DATA PROVIDED
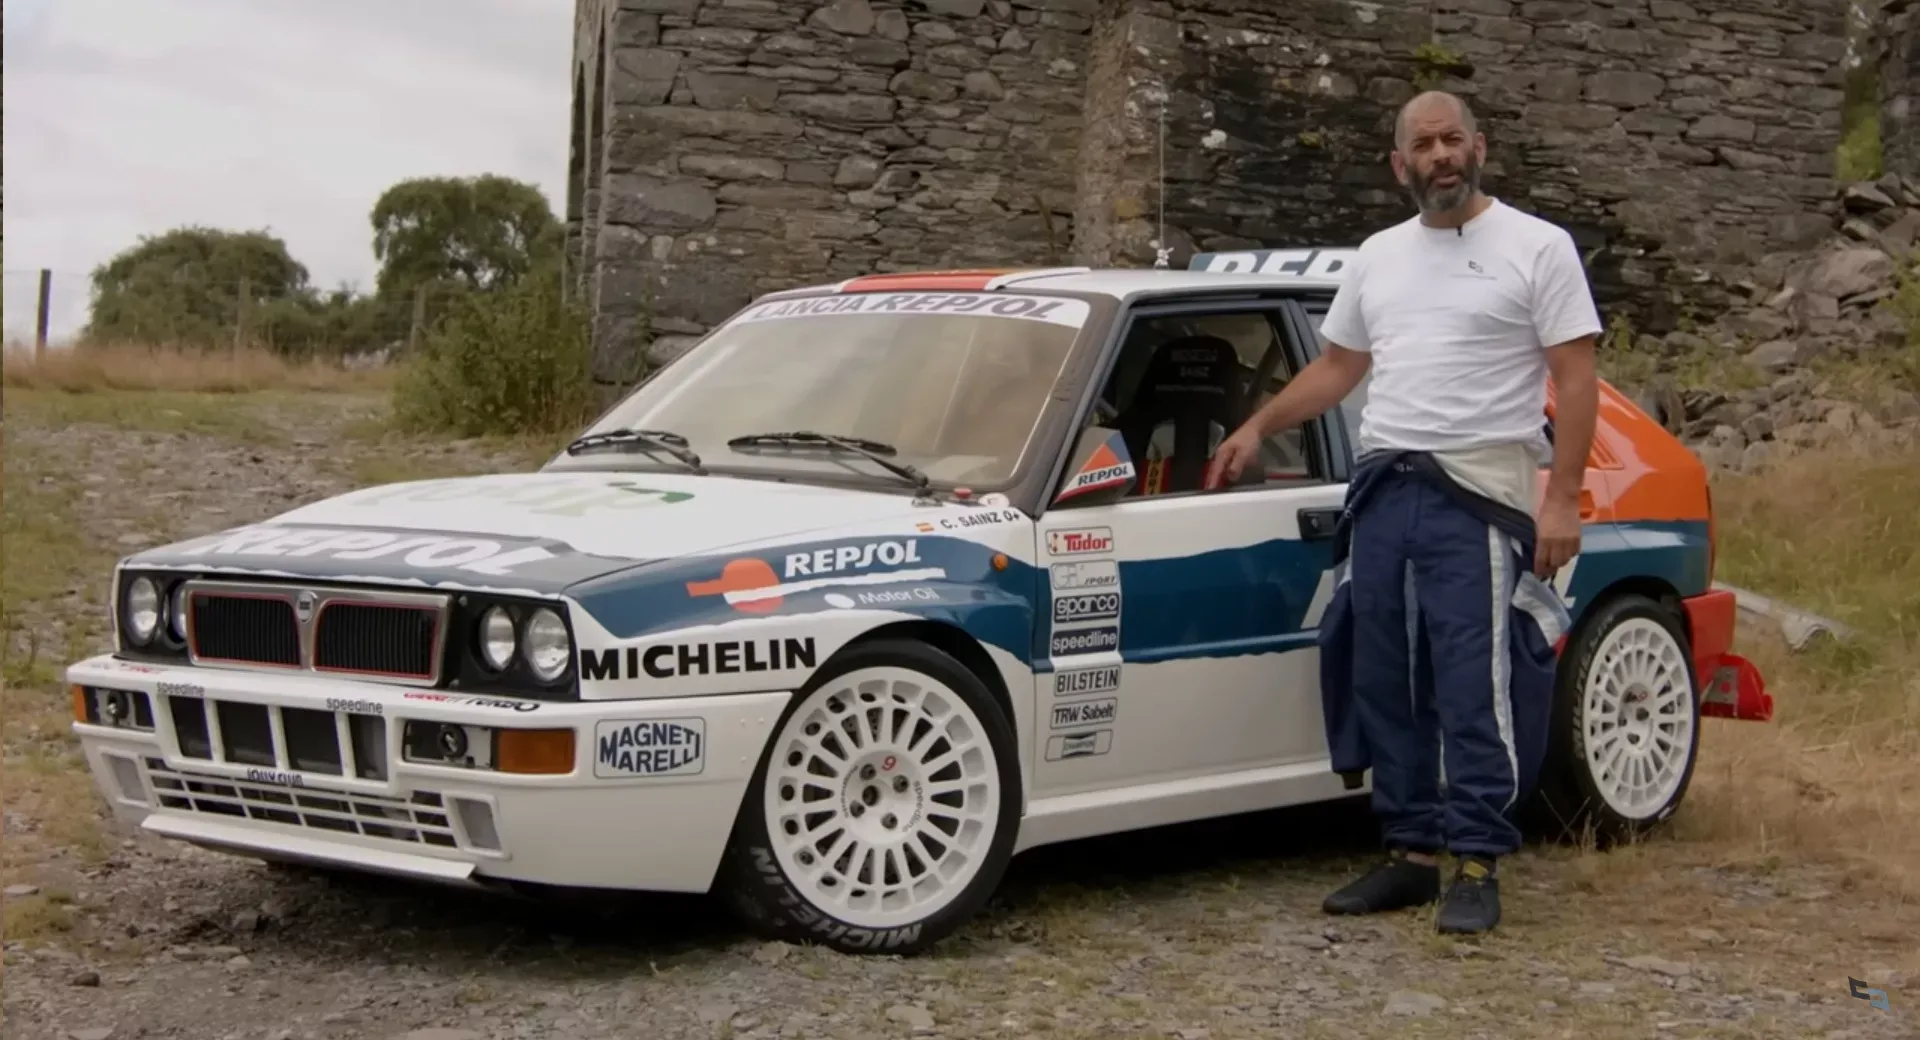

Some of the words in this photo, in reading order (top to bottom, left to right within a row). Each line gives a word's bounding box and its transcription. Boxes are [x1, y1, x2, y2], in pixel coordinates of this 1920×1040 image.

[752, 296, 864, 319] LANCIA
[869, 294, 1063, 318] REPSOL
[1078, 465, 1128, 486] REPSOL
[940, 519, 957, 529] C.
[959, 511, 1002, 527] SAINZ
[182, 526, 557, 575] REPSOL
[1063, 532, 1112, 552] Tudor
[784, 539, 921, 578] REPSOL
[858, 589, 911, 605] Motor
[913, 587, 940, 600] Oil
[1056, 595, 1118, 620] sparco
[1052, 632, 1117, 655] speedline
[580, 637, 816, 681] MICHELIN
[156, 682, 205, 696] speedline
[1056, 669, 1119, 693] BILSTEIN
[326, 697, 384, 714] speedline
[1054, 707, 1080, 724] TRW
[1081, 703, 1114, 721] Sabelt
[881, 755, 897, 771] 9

YOUR OBJECTIVE
Only the pictures are to be left out; all other material is to be output exactly.

REPLY
Some of the words in this photo, in reading order (top to bottom, left to right within a row). Each line gives a word's bounding box and its transcription. Boxes are [x1, y1, x2, y2], in pixel coordinates of this 1920×1040 image.

[752, 296, 864, 319] LANCIA
[869, 294, 1063, 318] REPSOL
[1078, 465, 1128, 486] REPSOL
[940, 519, 957, 529] C.
[959, 511, 1002, 527] SAINZ
[182, 526, 557, 575] REPSOL
[1063, 532, 1112, 552] Tudor
[784, 539, 921, 578] REPSOL
[858, 589, 911, 605] Motor
[913, 587, 940, 600] Oil
[1056, 595, 1118, 620] sparco
[1052, 632, 1117, 655] speedline
[580, 637, 816, 681] MICHELIN
[156, 682, 205, 696] speedline
[1056, 669, 1119, 693] BILSTEIN
[326, 697, 384, 714] speedline
[1054, 707, 1080, 724] TRW
[1081, 703, 1114, 721] Sabelt
[881, 755, 897, 771] 9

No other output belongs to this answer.